## Exercise brief
Every entry must be transcribed exactly. Pictures are not part of the copy.

## Data

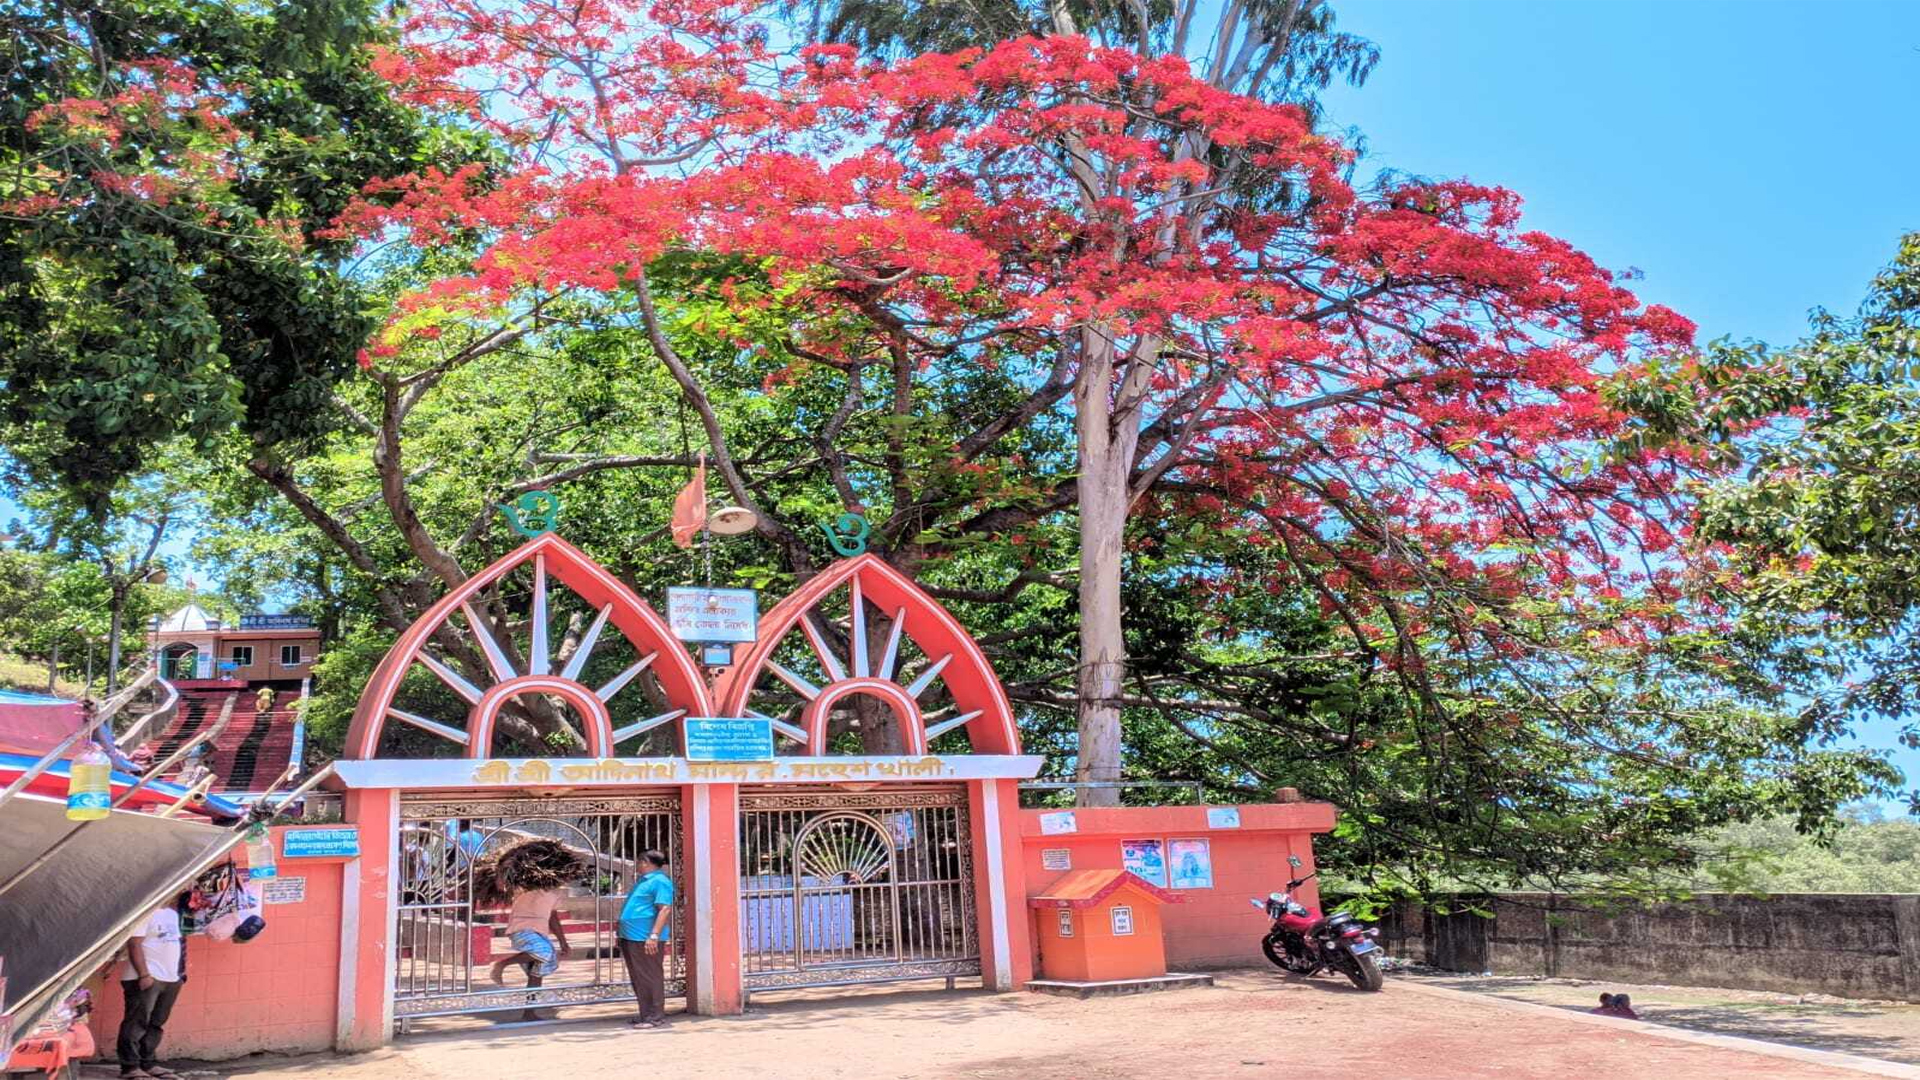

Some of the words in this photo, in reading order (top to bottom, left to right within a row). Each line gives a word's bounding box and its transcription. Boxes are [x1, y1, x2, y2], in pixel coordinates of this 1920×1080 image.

[472, 760, 509, 784] শ্রী
[516, 760, 551, 783] শ্রী
[558, 759, 677, 783] আদিনাথ
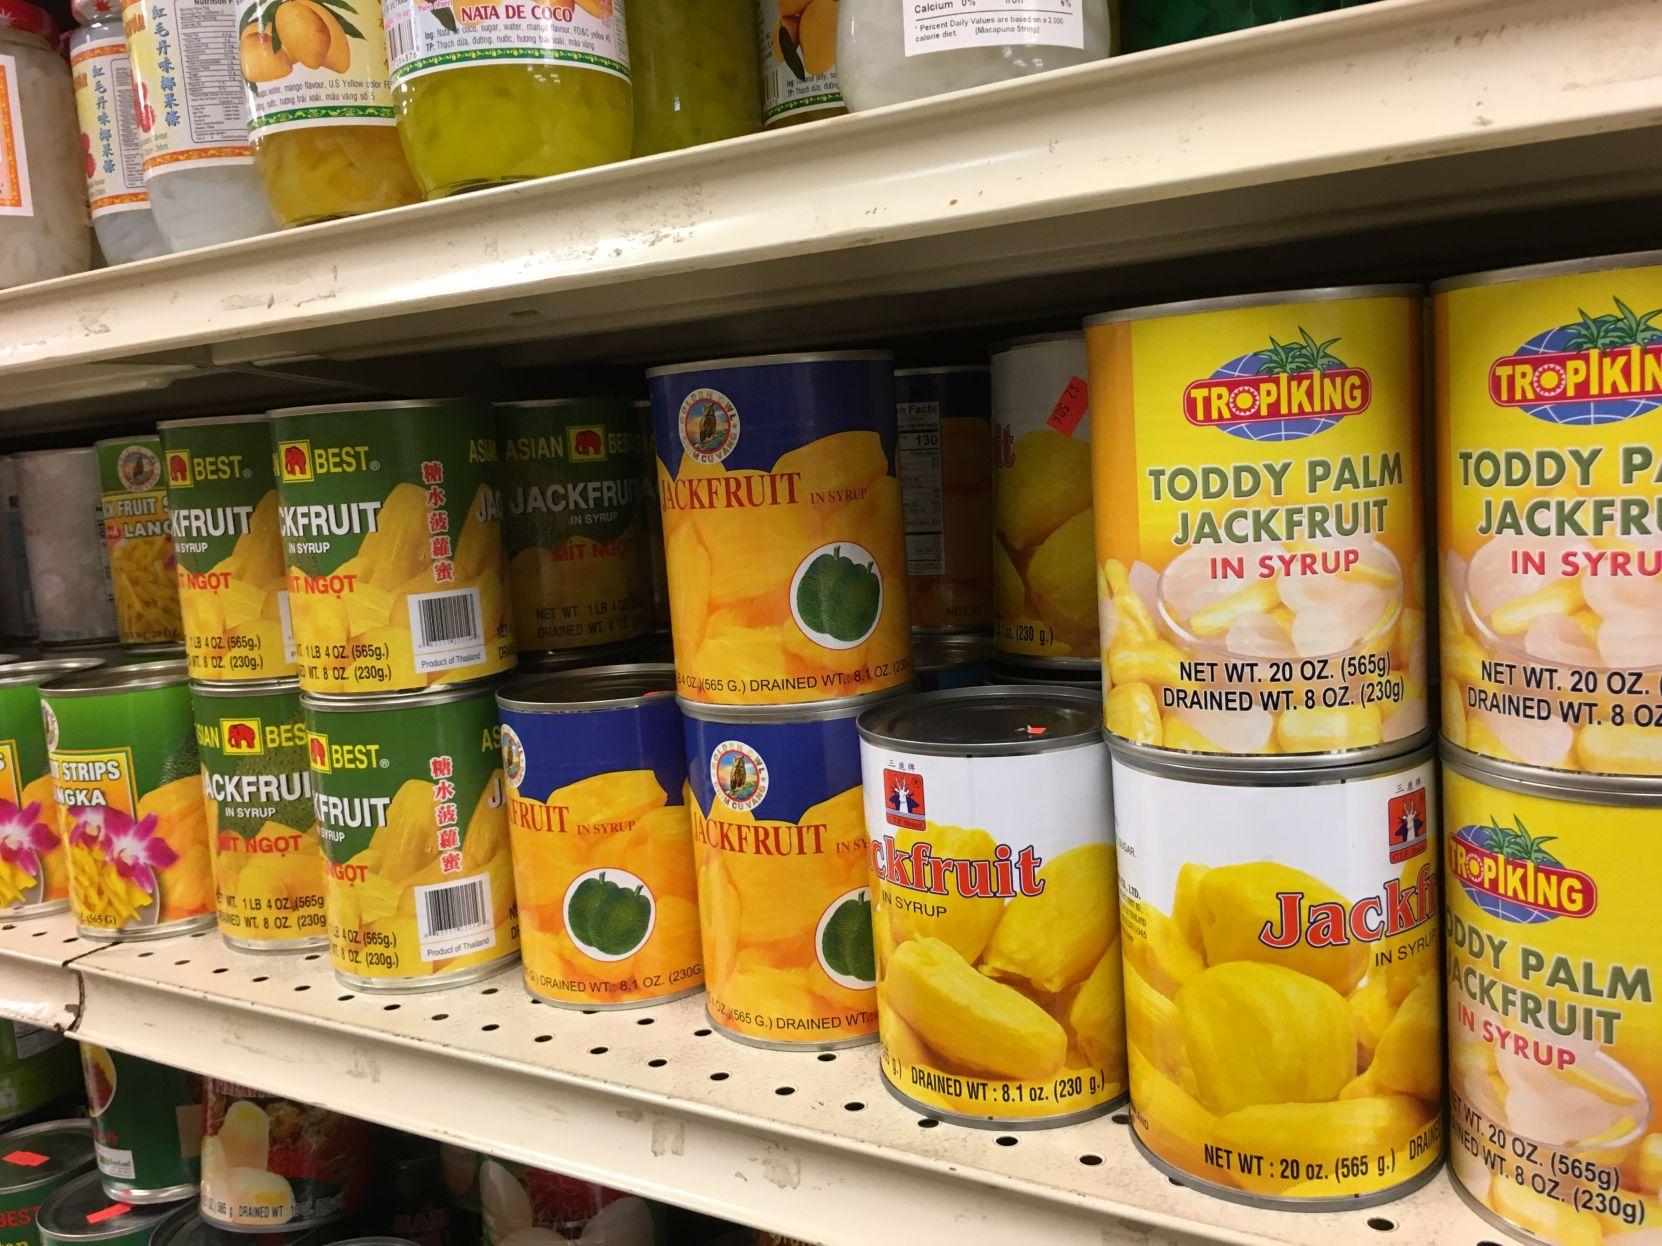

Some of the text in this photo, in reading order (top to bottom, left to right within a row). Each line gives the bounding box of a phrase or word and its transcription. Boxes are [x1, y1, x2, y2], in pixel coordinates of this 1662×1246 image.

[461, 5, 500, 22] NATA
[504, 4, 527, 19] DE
[531, 5, 573, 22] COCO
[914, 1, 953, 14] Calcium
[915, 32, 940, 42] calorie
[974, 26, 1015, 36] (Macapuno
[919, 21, 948, 32] Percent
[949, 19, 969, 28] Daily
[970, 16, 995, 25] Values
[1190, 369, 1363, 423] TROPIKING
[505, 435, 564, 460] ASIAN
[916, 434, 938, 447] 130
[193, 455, 242, 481] BEST
[314, 445, 369, 475] BEST
[1458, 447, 1604, 488] TODDY
[1148, 451, 1404, 502] TODDY PALM
[662, 471, 801, 512] JACKFRUIT
[810, 487, 868, 505] IN SYRUP
[1171, 498, 1389, 546] JACKFRUIT
[1477, 498, 1662, 538] JACKFR
[296, 542, 331, 554] SYRUP
[1209, 548, 1361, 580] IN SYRUP
[1510, 550, 1546, 576] IN
[304, 574, 357, 599] NGỌT
[227, 634, 262, 651] (565g.)
[351, 643, 390, 661] (565g.)
[229, 654, 264, 671] (230g.)
[354, 664, 392, 683] (230g.)
[421, 659, 447, 669] Product
[1179, 650, 1392, 684] NET WT. 20 OZ. (565g)
[749, 676, 817, 692] DRAINED
[853, 667, 871, 683] 8.1
[1481, 659, 1650, 695] NET WT. 20 OZ.
[1163, 675, 1405, 712] DRAINED WT. 8 OZ. (230g)
[1468, 686, 1625, 727] DRAINED WT. 8
[331, 744, 380, 769] BEST
[62, 759, 121, 782] STRIPS
[225, 807, 276, 818] IN SYRUP
[576, 820, 636, 836] IN SYRUP
[693, 809, 828, 857] JACKFRUIT
[244, 834, 303, 858] NGỌT
[1449, 840, 1614, 914] TROPIKING
[249, 898, 273, 911] LB 4
[881, 889, 948, 918] IN SYRUP
[263, 917, 270, 930] 8
[274, 917, 292, 929] OZ.
[363, 931, 397, 949] (565g.)
[427, 946, 454, 958] Product
[366, 951, 399, 969] (230g.)
[1374, 948, 1394, 967] IN
[540, 974, 665, 992] DRAINED 8.1 OZ.
[1521, 945, 1652, 1004] PALM
[755, 1014, 773, 1030] G.)
[776, 1016, 842, 1031] DRAINED
[1457, 1001, 1576, 1071] IN SYRUP
[911, 1065, 1105, 1104] DRAINED WT 8.1 oz. (230 g.)
[1464, 1102, 1620, 1193] WT. 20 OZ. (565g)
[1204, 1143, 1396, 1184] NET WT 20 oz. (565 g.)
[1482, 1145, 1646, 1226] WT. 8 OZ. (230g)
[239, 1205, 270, 1218] DRAINED

## Solution to this exercise
Some of the words in this photo, in reading order (top to bottom, left to right within a row). Each line gives a word's bounding box and its transcription. Boxes are [x1, y1, x2, y2], in pixel coordinates of this 1920×1080 image.

[472, 760, 509, 784] শ্রী
[516, 760, 551, 783] শ্রী
[558, 759, 677, 783] আদিনাথ

Some of the text in this photo, in reading order (top to bottom, left to right within a row). Each line gives the bounding box of a phrase or word and its transcription. Boxes are [x1, y1, x2, y2], in pixel coordinates of this 1662×1246 image.

[461, 5, 500, 22] NATA
[504, 4, 527, 19] DE
[531, 5, 573, 22] COCO
[914, 1, 953, 14] Calcium
[915, 32, 940, 42] calorie
[974, 26, 1015, 36] (Macapuno
[919, 21, 948, 32] Percent
[949, 19, 969, 28] Daily
[970, 16, 995, 25] Values
[1190, 369, 1363, 423] TROPIKING
[505, 435, 564, 460] ASIAN
[916, 434, 938, 447] 130
[193, 455, 242, 481] BEST
[314, 445, 369, 475] BEST
[1458, 447, 1604, 488] TODDY
[1148, 451, 1404, 502] TODDY PALM
[662, 471, 801, 512] JACKFRUIT
[810, 487, 868, 505] IN SYRUP
[1171, 498, 1389, 546] JACKFRUIT
[1477, 498, 1662, 538] JACKFR
[296, 542, 331, 554] SYRUP
[1209, 548, 1361, 580] IN SYRUP
[1510, 550, 1546, 576] IN
[304, 574, 357, 599] NGỌT
[227, 634, 262, 651] (565g.)
[351, 643, 390, 661] (565g.)
[229, 654, 264, 671] (230g.)
[354, 664, 392, 683] (230g.)
[421, 659, 447, 669] Product
[1179, 650, 1392, 684] NET WT. 20 OZ. (565g)
[749, 676, 817, 692] DRAINED
[853, 667, 871, 683] 8.1
[1481, 659, 1650, 695] NET WT. 20 OZ.
[1163, 675, 1405, 712] DRAINED WT. 8 OZ. (230g)
[1468, 686, 1625, 727] DRAINED WT. 8
[331, 744, 380, 769] BEST
[62, 759, 121, 782] STRIPS
[225, 807, 276, 818] IN SYRUP
[576, 820, 636, 836] IN SYRUP
[693, 809, 828, 857] JACKFRUIT
[244, 834, 303, 858] NGỌT
[1449, 840, 1614, 914] TROPIKING
[249, 898, 273, 911] LB 4
[881, 889, 948, 918] IN SYRUP
[263, 917, 270, 930] 8
[274, 917, 292, 929] OZ.
[363, 931, 397, 949] (565g.)
[427, 946, 454, 958] Product
[366, 951, 399, 969] (230g.)
[1374, 948, 1394, 967] IN
[540, 974, 665, 992] DRAINED 8.1 OZ.
[1521, 945, 1652, 1004] PALM
[755, 1014, 773, 1030] G.)
[776, 1016, 842, 1031] DRAINED
[1457, 1001, 1576, 1071] IN SYRUP
[911, 1065, 1105, 1104] DRAINED WT 8.1 oz. (230 g.)
[1464, 1102, 1620, 1193] WT. 20 OZ. (565g)
[1204, 1143, 1396, 1184] NET WT 20 oz. (565 g.)
[1482, 1145, 1646, 1226] WT. 8 OZ. (230g)
[239, 1205, 270, 1218] DRAINED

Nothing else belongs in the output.